Keywords: Hypoxia-inducible factor-1α, survivin, retinal neovascularization
Introduction
Pathological angiogenesis or ocular neovascularization (NV) is a hallmark feature of diabetic retinopathy (DR), retinopathy of prematurity (ROP), exudative age-related macular degeneration and leads to the blindness in developed countries [1]. Despite considerable studies has focused on blockading of some cytokine pathways in the process of NV, whereas effectively prevented the formation of NV does not always occur [2]. It is necessary to search for other factors that involved in the angiogenic process. Hypoxia is a critical etiological factor in retinal NV [3]. Adaptive response to changes in oxygen tension is adjusted by a family of transcription factors.
Hypoxia-inducible factor 1-α (HIF-1α) is the main active subunit of HIF-1, which can activated the transcriptions of many genes that are central for cellular function under hypoxic conditions. Recently reports have indicated that the constitutive expression of HIF-1α is significantly associated with increased angiogenesis, aggressive tumor progression and poor prognosis [4]. Survivin, a member of the inhibitor of apoptosis protein (IAP) family, appears to be involved in a wide range of human tumors and fetal tissues, but minimally detected in terminally differentiated tissues. The over expression of survivin in cancer cells is mainly associated with cancer progression, poor prognosis. Survivin gene expression has been shown to induce by hypoxia exposure [5].
According to previous reports, the down-regulation of HIF1-α could extremely decreases the levels of survivin expression in different types of cancer cells [6]. These data hint that HIF1-α cooperate the regulation of survivin expression. There are few studies on inspecting survivin expression in the retina, although retinal ischemia leads to rapid up-regulation of HIF1-α [7], The novelty of the present study is the cellular localization of HIF1-α and survivin to sites inherent in retinal blood vessels and investigate their correlation in a rodent model of ROP.
Materials and methods
Animals
Pregnant female C57BL/6J mice were prepared by The Laboratory Animal Center of China Medical University (Shenyang, China). All animal experiments were performed according to the ARVO Statement for the Use of Animals in Ophthalmic and Vision Research and were accepted by the Institutional Animal Care and Use Committee of Medical University Ophthalmic Center.

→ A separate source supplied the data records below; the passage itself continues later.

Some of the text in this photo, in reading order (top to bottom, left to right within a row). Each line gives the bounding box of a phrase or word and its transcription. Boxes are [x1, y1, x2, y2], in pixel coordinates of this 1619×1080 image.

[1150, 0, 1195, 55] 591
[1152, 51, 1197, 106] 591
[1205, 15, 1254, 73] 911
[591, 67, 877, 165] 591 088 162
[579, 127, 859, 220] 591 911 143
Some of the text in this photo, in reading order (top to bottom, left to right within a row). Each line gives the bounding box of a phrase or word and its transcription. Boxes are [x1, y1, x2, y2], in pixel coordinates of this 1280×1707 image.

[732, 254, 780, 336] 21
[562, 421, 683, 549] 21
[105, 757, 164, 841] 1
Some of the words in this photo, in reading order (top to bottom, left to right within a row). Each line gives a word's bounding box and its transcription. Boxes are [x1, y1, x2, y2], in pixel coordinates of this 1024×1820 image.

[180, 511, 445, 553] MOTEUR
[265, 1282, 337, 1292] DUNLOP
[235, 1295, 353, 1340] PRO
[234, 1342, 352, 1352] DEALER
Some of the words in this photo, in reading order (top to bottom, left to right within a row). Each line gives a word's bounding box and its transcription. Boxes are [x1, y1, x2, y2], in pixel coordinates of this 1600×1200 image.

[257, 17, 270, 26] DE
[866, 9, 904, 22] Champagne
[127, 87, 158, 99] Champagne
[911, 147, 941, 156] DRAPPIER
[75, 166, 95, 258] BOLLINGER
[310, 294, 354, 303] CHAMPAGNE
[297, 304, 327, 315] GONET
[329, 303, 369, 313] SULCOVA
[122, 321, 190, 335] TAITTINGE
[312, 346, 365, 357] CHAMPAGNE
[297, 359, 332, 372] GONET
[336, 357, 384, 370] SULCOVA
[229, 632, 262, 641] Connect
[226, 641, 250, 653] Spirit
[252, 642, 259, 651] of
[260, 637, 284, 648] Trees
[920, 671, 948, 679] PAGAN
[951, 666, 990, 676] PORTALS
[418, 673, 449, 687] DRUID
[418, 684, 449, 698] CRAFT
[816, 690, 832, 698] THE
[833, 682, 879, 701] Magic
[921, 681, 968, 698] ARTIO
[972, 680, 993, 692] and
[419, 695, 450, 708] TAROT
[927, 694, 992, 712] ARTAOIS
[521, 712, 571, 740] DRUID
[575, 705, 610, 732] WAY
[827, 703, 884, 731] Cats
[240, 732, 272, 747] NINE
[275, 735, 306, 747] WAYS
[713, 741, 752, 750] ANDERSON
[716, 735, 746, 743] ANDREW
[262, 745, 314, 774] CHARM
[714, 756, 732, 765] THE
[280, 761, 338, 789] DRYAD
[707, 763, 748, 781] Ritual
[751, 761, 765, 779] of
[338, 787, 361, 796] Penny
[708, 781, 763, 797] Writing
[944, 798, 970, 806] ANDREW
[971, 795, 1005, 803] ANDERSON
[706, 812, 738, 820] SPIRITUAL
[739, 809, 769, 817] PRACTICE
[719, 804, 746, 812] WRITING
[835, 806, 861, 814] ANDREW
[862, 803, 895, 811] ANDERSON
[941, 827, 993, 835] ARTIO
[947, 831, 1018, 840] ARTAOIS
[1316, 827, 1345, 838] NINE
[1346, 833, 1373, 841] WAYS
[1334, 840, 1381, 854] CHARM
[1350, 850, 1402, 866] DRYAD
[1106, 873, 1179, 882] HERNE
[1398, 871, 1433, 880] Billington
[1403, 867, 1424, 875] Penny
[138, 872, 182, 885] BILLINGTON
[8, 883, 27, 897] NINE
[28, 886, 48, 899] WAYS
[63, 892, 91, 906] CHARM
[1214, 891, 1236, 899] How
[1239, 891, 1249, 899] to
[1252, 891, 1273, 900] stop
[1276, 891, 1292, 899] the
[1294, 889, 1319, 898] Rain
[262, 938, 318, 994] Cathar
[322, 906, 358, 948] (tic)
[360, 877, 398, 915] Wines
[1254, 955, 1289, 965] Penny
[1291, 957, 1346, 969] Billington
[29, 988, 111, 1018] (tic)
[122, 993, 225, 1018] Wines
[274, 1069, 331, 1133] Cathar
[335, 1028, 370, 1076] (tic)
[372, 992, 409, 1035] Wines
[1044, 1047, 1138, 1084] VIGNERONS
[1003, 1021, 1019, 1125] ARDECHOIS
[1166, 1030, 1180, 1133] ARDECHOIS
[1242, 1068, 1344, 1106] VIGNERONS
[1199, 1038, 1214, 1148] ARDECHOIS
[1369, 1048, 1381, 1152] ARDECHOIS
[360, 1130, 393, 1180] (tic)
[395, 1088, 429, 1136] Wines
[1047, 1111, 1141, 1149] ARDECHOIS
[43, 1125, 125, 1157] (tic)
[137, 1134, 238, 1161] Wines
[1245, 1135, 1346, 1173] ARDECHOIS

Oxygen-induced retinopathy (OIR)
The OIR model was produced as previously described method [8]. Briefly, neonatal C57BL/6J mice were randomly assigned to two experimental (n = 8, respectively) and control (n = 8) groups. Postnatal day 7 (P7) mice and their mothers were placed hyperemia (75 ± 3% oxygen) for 5 days (from P7 to P 12) and were then abruptly removed and placed in room air (21% oxygen) for an additional 5 days. The incubator temperature was maintained at 23 ± 2°C, and oxygen levels were checked using a portable oxygen analyzer (Model CY-12C, electrochemical analytical Instruments, Ltd, Meicheng, Zhejiang, China). Control litters were kept in room air from birth to P17.
Retinal fluorescence angiography and visualization of retinal vascularization
Randomly chosen two pups from each group were anesthetized at the end of the 17-day experimental period and perfused by the left ventricle injection with 1 ml of phosphate buffered saline (PBS) containing 50mg/mL fluorescein-dextran (2×106 molecular weight; Sigma, St. Louis, MO), as described previously [8]. The animals were then killed and the eyes were enucleated and fixed with 4% paraformaldehyde in phosphate-buffered saline (PBS) for 10 min. The retinas were isolated from the eyecup and fixed with 4% paraformaldehyde for 3 h. The retinas were flat-mounted on a gelatin-coated slide and the vasculature was examined under a fluorescence microscope.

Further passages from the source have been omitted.